Anehnya, Brian bukan bantuin Kania yang sedang berpura-pura. Malahan, ia menikmati suana yang Kania ciptakan dan merasa sangat amat bahagia.

Hal itu membuat Kania mendadak merasa kesal. Ia cubit lengan Brian tempat di mana ia bergelayut manja dengan keras sehingga Brian meringis kesakitan.

“Auh … sayang, jangan begitu. Jangan keluarkan jurus manja mu di depan orang lain. Jangan coba-coba menggoda aku,” ucap Brian setelah mendapat cubitan dari Kania.

Ingin rasanya Kania tertawa lepas melihat ekspresi yang Brian perlihatkan sekarang. Tapi, sekuat tenaga ia tahan. Karena jika ia tertawa, sandiwara yang baru saja ia jalani akan musnah.

‘Dasar kurang ajar. Kamu berani merusak suasana bahagia aku, Kania. Kamu lihat bagaimana aku membalas kamu ya,’ ucap Brian dalam hati dengan perasaan senang saat melihat ekspresi wajah bahagia Kania.

Brian menggeser tubuhnya dari menyamping menjadi berhadapan dengan Kania. Kania yang sedang bersandiwara, tiba-tiba merasa sedikit kaget dengan perubahan Brian sekarang.
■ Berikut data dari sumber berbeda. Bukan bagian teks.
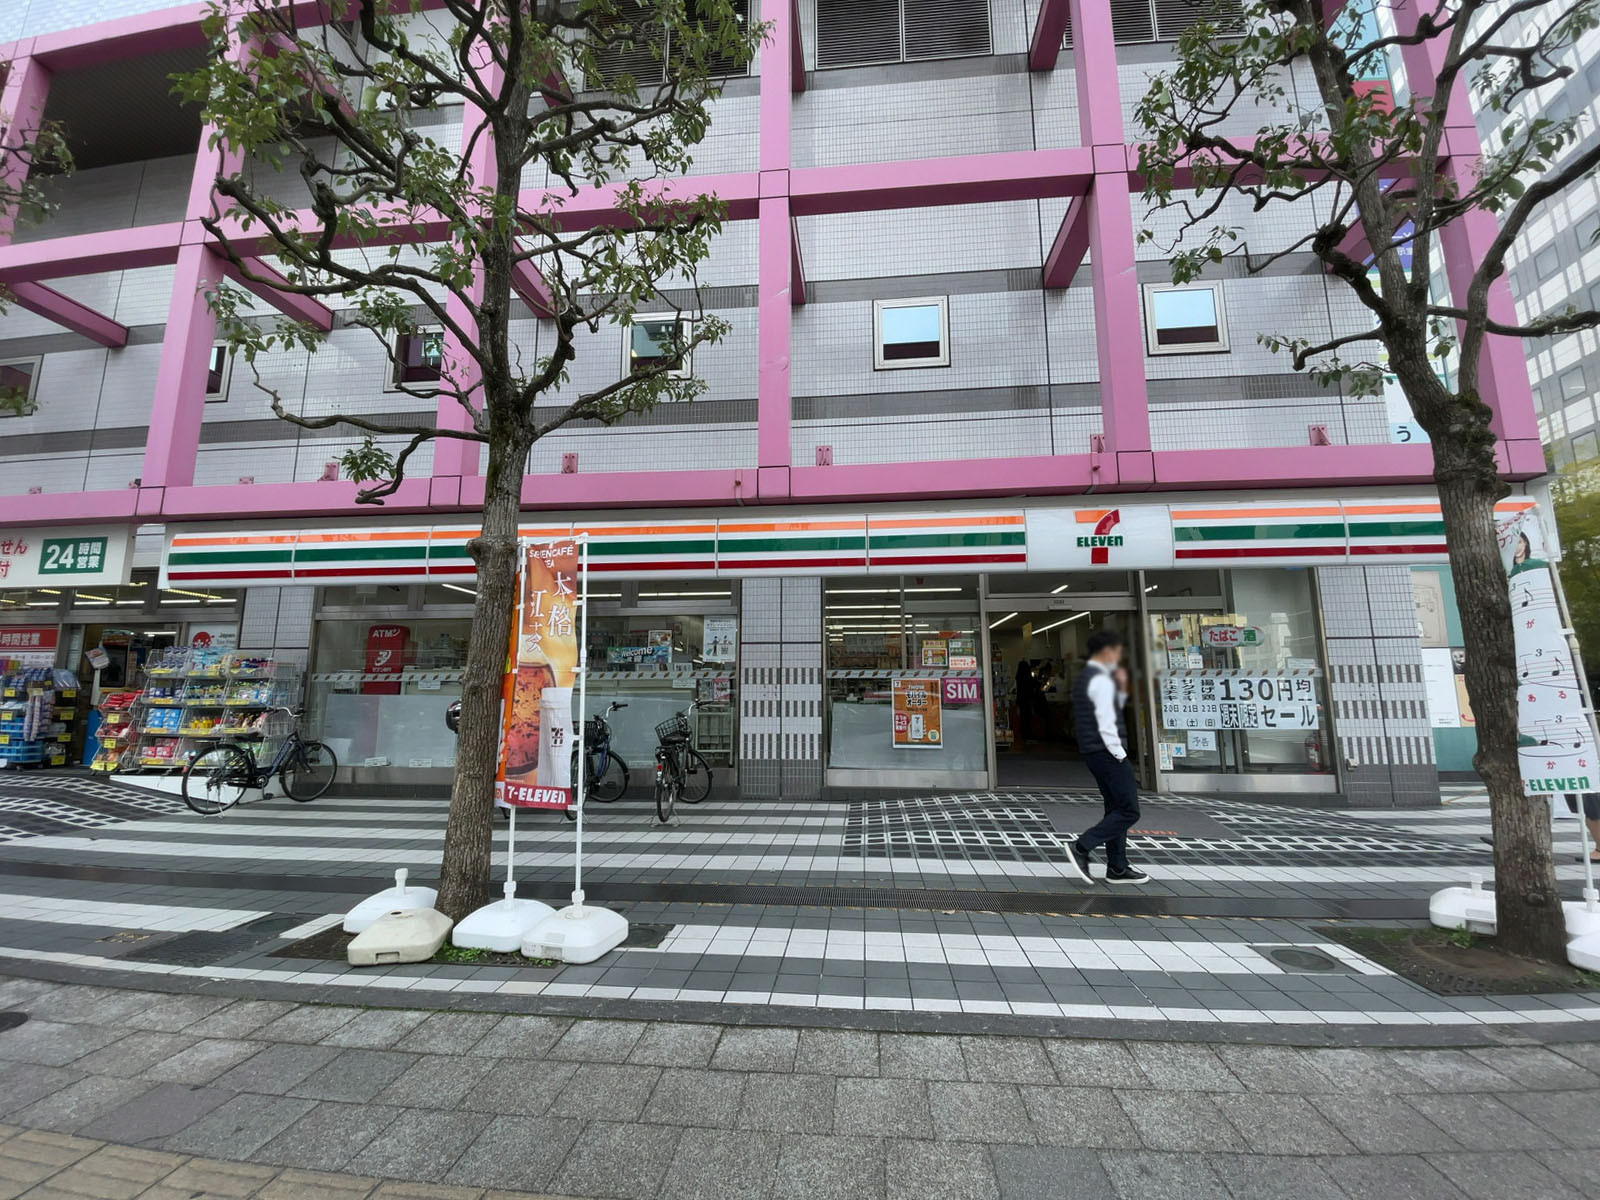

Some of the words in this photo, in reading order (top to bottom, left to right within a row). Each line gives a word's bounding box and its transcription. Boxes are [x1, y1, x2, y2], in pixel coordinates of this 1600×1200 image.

[1396, 426, 1411, 442] う
[1, 540, 27, 554] せん
[1076, 535, 1123, 547] ELEVEN
[79, 542, 102, 554] 時間
[44, 544, 74, 569] 24
[77, 555, 100, 568] 営業
[548, 571, 573, 636] 本格
[0, 632, 40, 646] 時間営業
[372, 629, 393, 638] ATM
[1209, 629, 1238, 642] たばこ
[1243, 629, 1257, 641] 酒
[621, 646, 653, 658] Welcome
[1535, 648, 1542, 657] 3
[946, 683, 978, 699] SIM
[1182, 705, 1198, 713] 21日
[1202, 705, 1217, 713] 22日
[1555, 714, 1562, 724] 3
[507, 785, 566, 803] 7-ELEVEN
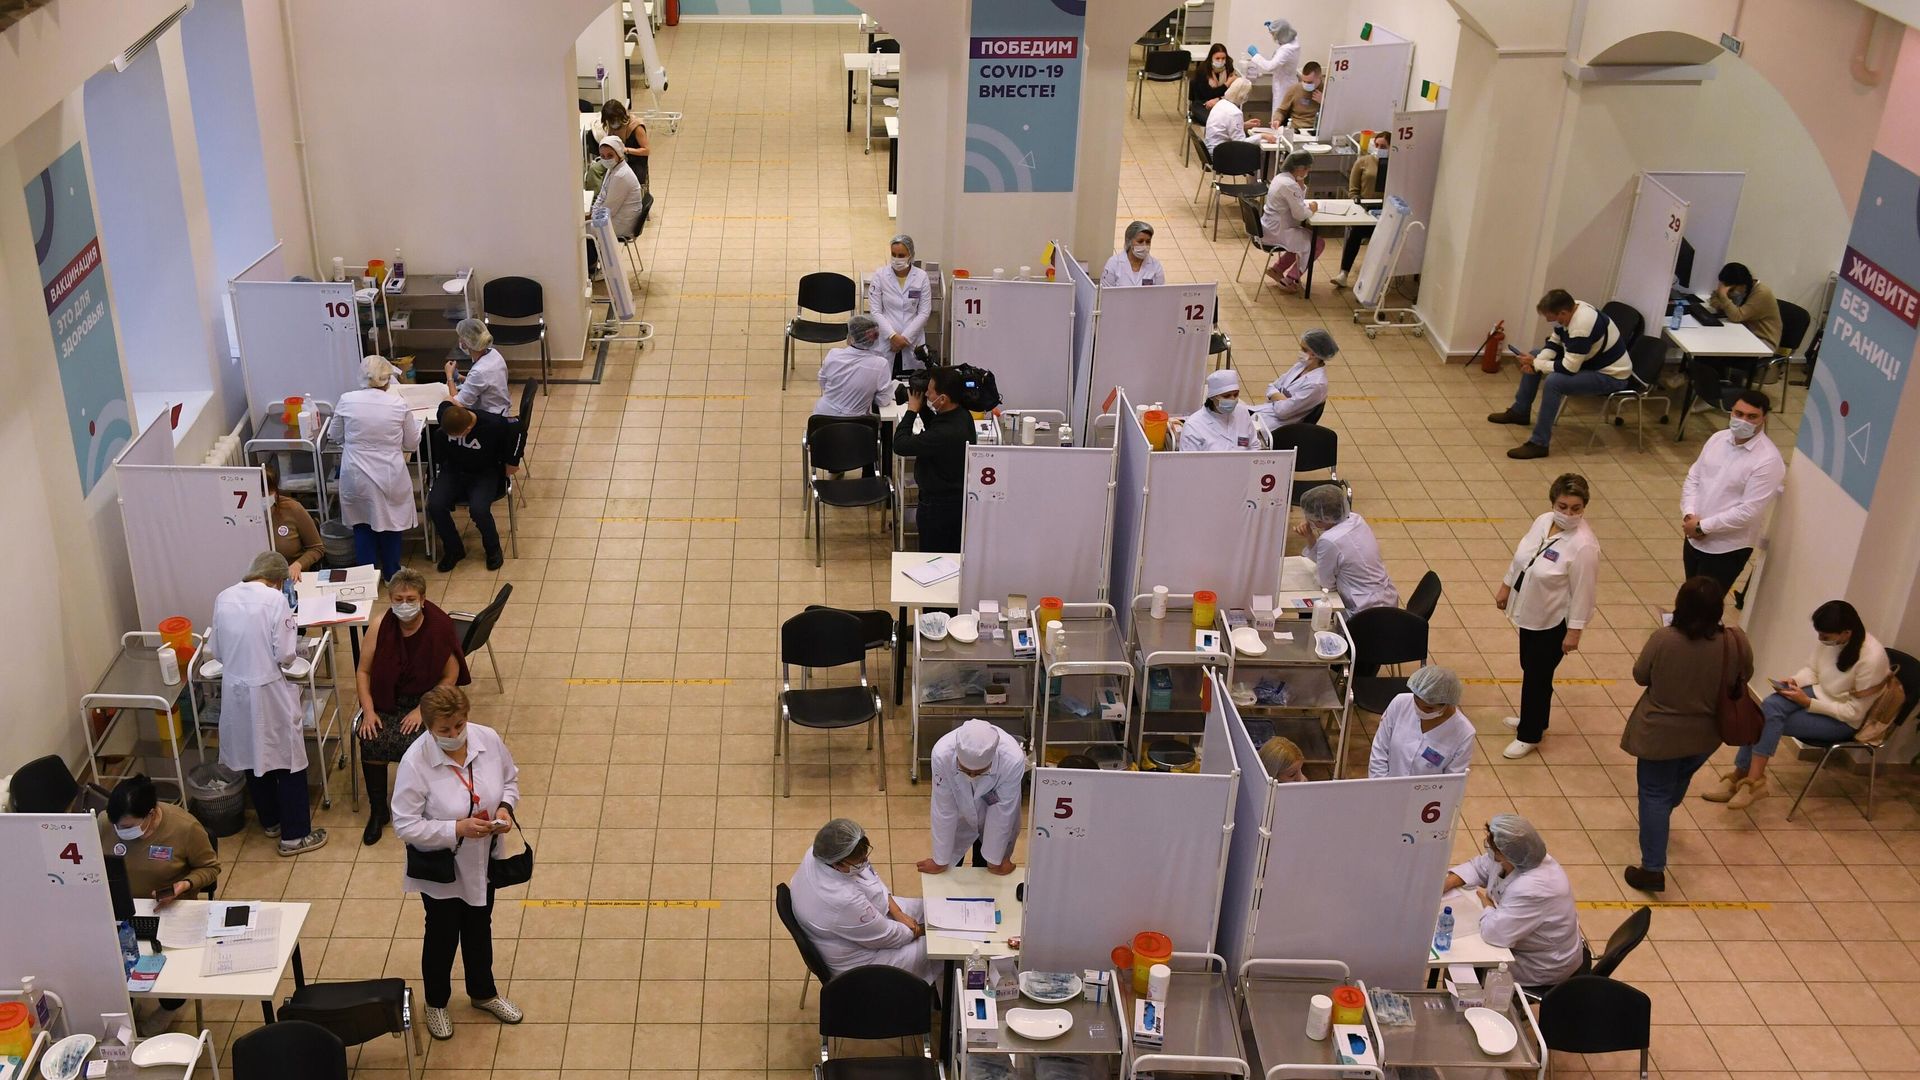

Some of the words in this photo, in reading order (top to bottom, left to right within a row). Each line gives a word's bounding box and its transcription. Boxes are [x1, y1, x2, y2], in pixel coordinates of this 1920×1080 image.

[981, 41, 1072, 56] ПОБЕДИМ
[980, 64, 1064, 78] COVID-19
[1334, 60, 1349, 71] 18
[979, 84, 1056, 98] ВМЕСТЕ!
[1398, 126, 1413, 140] 15
[1668, 214, 1680, 232] 29
[50, 246, 98, 303] ВАКЦИНАЦИЯ
[1848, 256, 1918, 319] ЖИВИТЕ
[57, 307, 75, 335] ЭТО
[74, 289, 91, 320] ДЛЯ
[325, 302, 350, 318] 10
[965, 299, 981, 314] 11
[1184, 304, 1204, 320] 12
[1840, 287, 1870, 323] БЕЗ
[61, 301, 105, 358] ЗДОРОВЬЯ!
[1832, 315, 1902, 381] ГРАНИЦ!
[980, 467, 996, 485] 8
[1261, 474, 1276, 492] 9
[233, 491, 248, 509] 7
[1054, 797, 1073, 819] 5
[1421, 801, 1441, 824] 6
[60, 843, 83, 864] 4
“Sayang, bukankah kamu ingin berangkat ke rumah papamu? Apa kamu tidak ingin pergi sekarang?” tanya Brian sambil meletakkan tangannya di pipi Kania.
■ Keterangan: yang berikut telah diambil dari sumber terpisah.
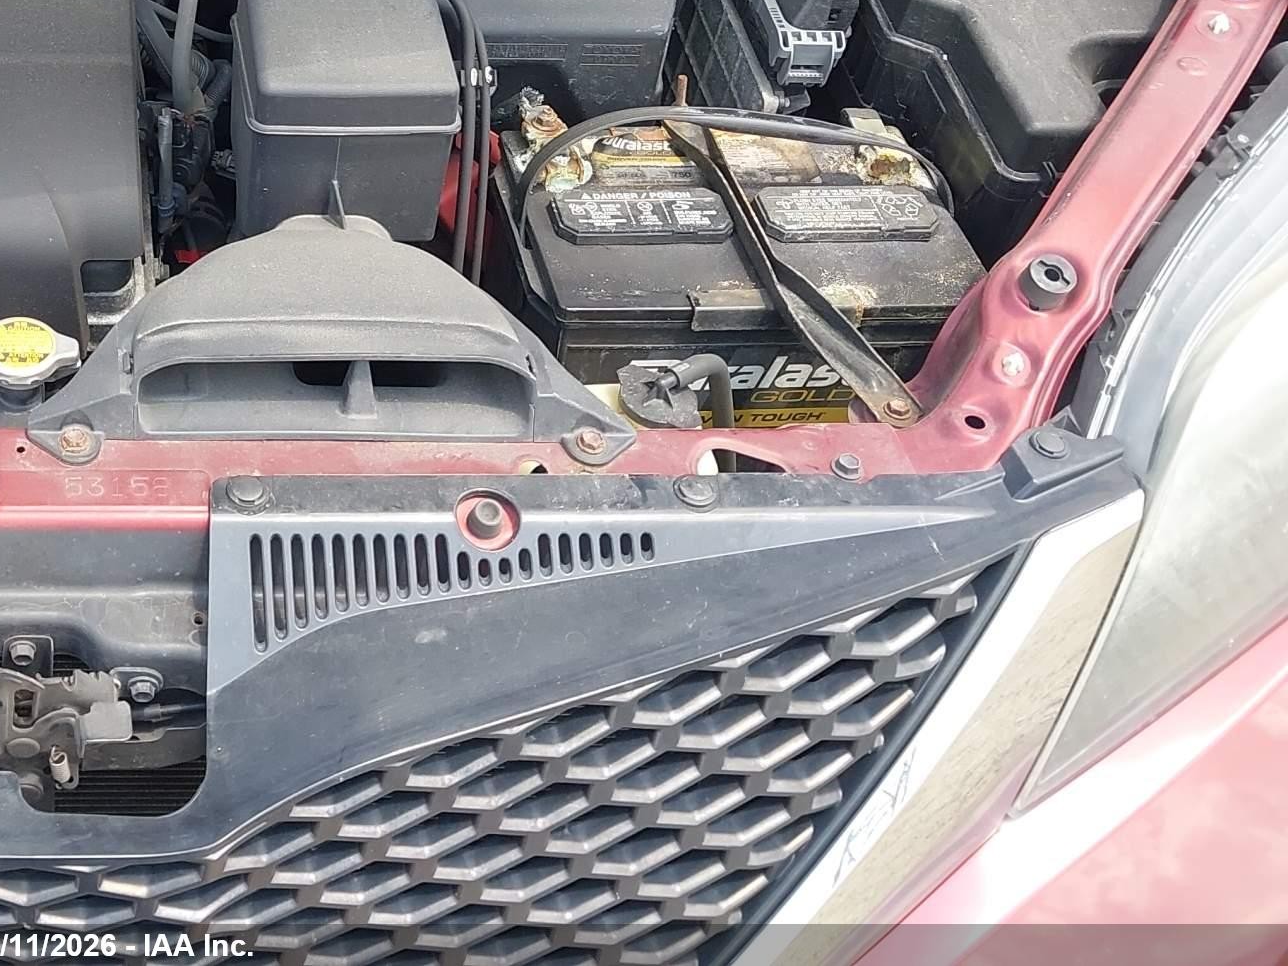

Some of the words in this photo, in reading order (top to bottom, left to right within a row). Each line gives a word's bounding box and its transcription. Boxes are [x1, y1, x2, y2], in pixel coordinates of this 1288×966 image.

[592, 192, 638, 200] DANGER
[649, 191, 691, 199] POISON
[750, 389, 856, 403] GOLD
[751, 412, 823, 422] TOUGH
Kania tidak bisa menjawab perkataan Brian karena saat ini, dadanya sedang berdetak kencang dengan apa yang Brian lakukan. Wajah merona pun terlihat dengan sangat jelas sekarang.

“Ya ampun … apa kamu tidak rela meninggalkan aku?” tanya Brian sambil menarik Kania ke dalam pelukannya.
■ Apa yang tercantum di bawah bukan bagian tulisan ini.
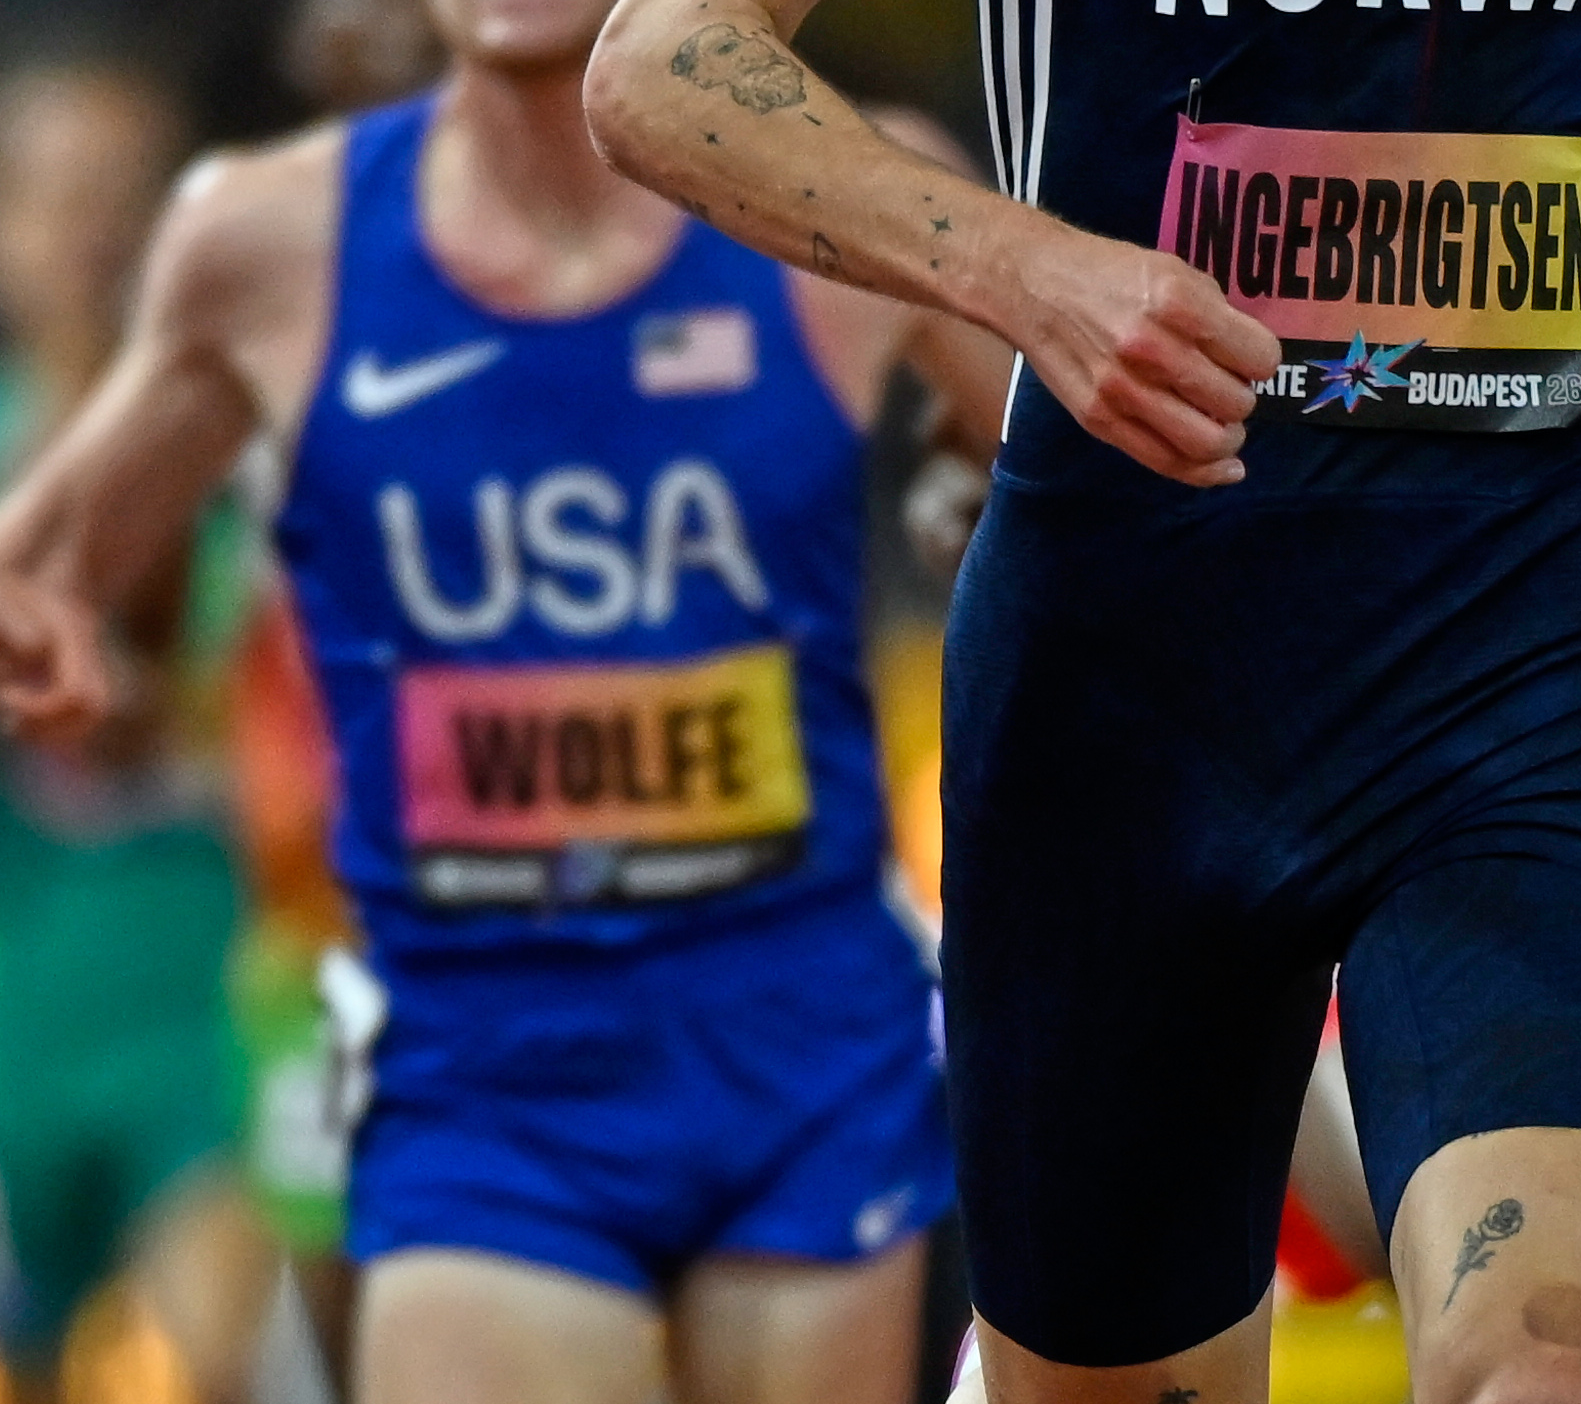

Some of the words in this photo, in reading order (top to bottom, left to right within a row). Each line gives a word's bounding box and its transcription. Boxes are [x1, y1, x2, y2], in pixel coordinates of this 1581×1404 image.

[1408, 371, 1542, 408] BUDAPEST
[376, 457, 770, 642] USA
[452, 692, 756, 811] WOLFE
“Brian, apa yang kamu lakukan?” tanya Kania dengan suara pelan sambil mencubit manja dada Brian.

“Ikuti saja sandiwara yang aku mainkan. Karena jika kamu berontak, maka sandiwara yang sudah susah payah kamu mainkan barusan akan musnah,” ucap Brian dengan suara yang sama.

‘Sial. Aku tahu kalau Brian pasti ingin membalas perlakuanku padanya. Aku harus segera meninggalkan tempat ini, agar Brian tidak semakin meraja lela padaku,’ kata Kania dalam hati.

“Aduh, aku sampai lupa kalau aku harus segera ke rumah papa. Terima kasih banyak, Brian, sudah mengingatkan aku.”
“Kalau begitu, aku berangkat sekarang saja.” Kania berucap sambil berusaha melepaskan diri dari pelukan Brian.

"Sayang … "

“Cukup! Cukup sandiwaranya karena aku tidak akan terpancing dengan sandiwara kalian. Aku tetap tidak akan mempercayai kalau kalian itu menikah bukan karena perjanjian,” kata Sintya tak tahan lagi sekarang.

“Terserah kamu mau percaya atau tidak. Yang jelas, apa yang kamu lihat sekarang, itulah yang sesungguhnya terjadi,” kata Brian dengan nada santai.

“Brian. Sudahlah, dia mungkin tidak akan pernah mengerti dan tidak akan memahami apa yang sebenarnya terjadi. Karena hatinya, sudah tertutup rapat-rapat oleh kebodohan yang sedang menghantui dirinya saat ini. Dia tidak akan bisa membedakan, mana yang sandiwara, dan kenyataan.”

“Udah ya, aku harus berangkat sekarang.” Kania bicara dengan nada manja yang seolah-olah ia benar-benar berat hati untuk meninggalkan Brian.

“Hati-hati ya sayang,” ucap Brian sambil melonggarkan pelukannya.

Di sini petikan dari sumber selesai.